刺囊酸及其衍生物的体外化疗增敏作用及机制研究

目的探讨刺囊酸及其衍生物的体外化疗增敏作用及其机制。方法体外培养人乳腺癌细胞MCF-7和人肝癌细胞HepG-2的敏感株和阿霉素耐药株，依次在阿霉素和受试化合物的作用下，以MTT法测定其IC₅₀，计算耐药倍数; 随后，对耐药株加入不同浓度组合的阿霉素和受试化合物进行共培养，以MTT法测定各组细胞活力，计算刺囊酸及其衍生物的MDR逆转倍数。结果刺囊酸及其衍生物在低浓度下无明显细胞毒活性，但却能增强耐药细胞对化疗药阿霉素的敏感性，逆转倍数最高可达15倍以上，并且几种刺囊酸衍生物的作用具有剂量依赖性; ELISA试验结果显示，刺囊酸及其衍生物抑制耐药株的P-gp表达，减少化疗药物从细胞中泵出，起到增敏作用。结论刺囊酸及其衍生物具有化疗增敏作用，其机制来源于对P-gp的抑制。

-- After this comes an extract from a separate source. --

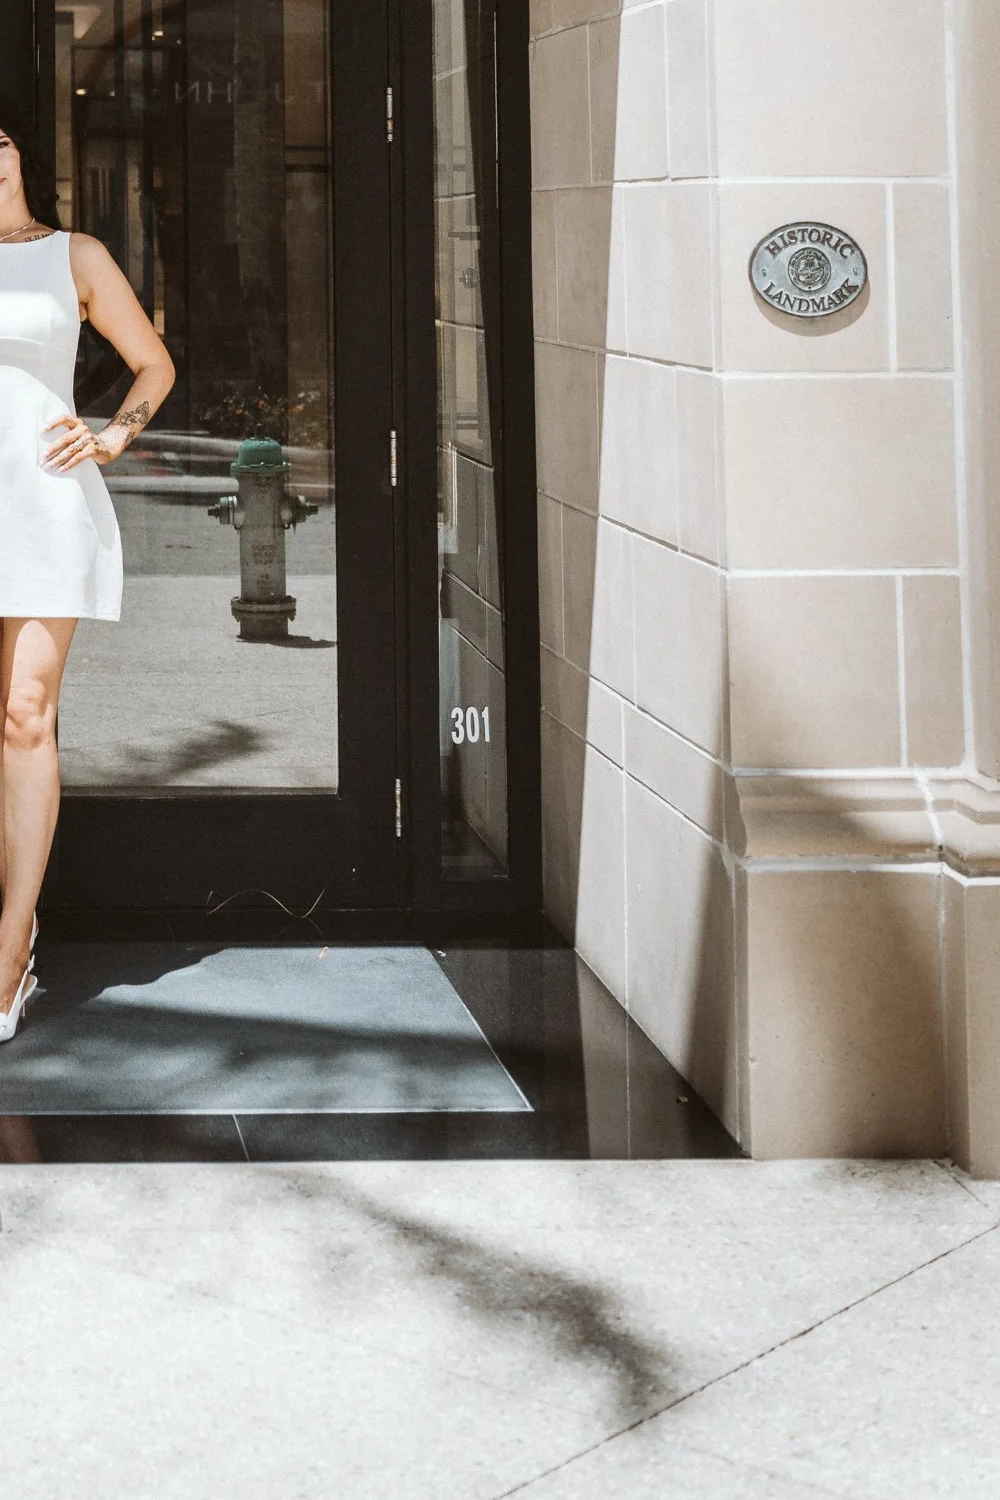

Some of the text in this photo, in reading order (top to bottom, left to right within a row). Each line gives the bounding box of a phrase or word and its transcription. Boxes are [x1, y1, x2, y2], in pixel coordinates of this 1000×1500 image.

[764, 228, 856, 260] HISTORIC
[763, 277, 859, 313] LANDMARK
[450, 706, 490, 745] 301

Study on Sensitization and Mechanism of EA and Its Derivatives in Vitro Chemotherapy

The paper is to investigate the derivatives of echinocystic acid(EA) and their application as chemosensitizer in vitro and their mechanism. The sensitive and adriamycin resistant strains of human breast cancer cell line MCF-7 and human hepatocellular carcinoma cell line HepG-2 were cultured in vitro and the IC₅₀ of adriamycin and its test compounds were determined by MTT method and then the resistance times were calculated. Subsequently, resistant strains were co-cultured with different concentration of adriamycin and its test compounds, MTT assay was used to determine the cell viability of each group, the test compounds to calculate the reversal times of EA and its derivatives.The results show that EA and its derivatives had less cytotoxicity at low concentration, but they could significantly enhance the sensitivity of drug-resistant cells to the chemotherapeutic drug adriamycin, and the reversal times could reach more than 15 times; EA derivatives are dose-dependent; EA and its derivatives inhibit the delivery of P-gp in resistant strains, and reduce the pumping of chemotherapeutic drugs from the cells, thus enhancing the sensitivity of the chemotherapeutic drugs.In conclusion, EA and its derivatives have chemosensitization effect, and the mechanism is partly or wholly attribute to the inhibition of P-gp.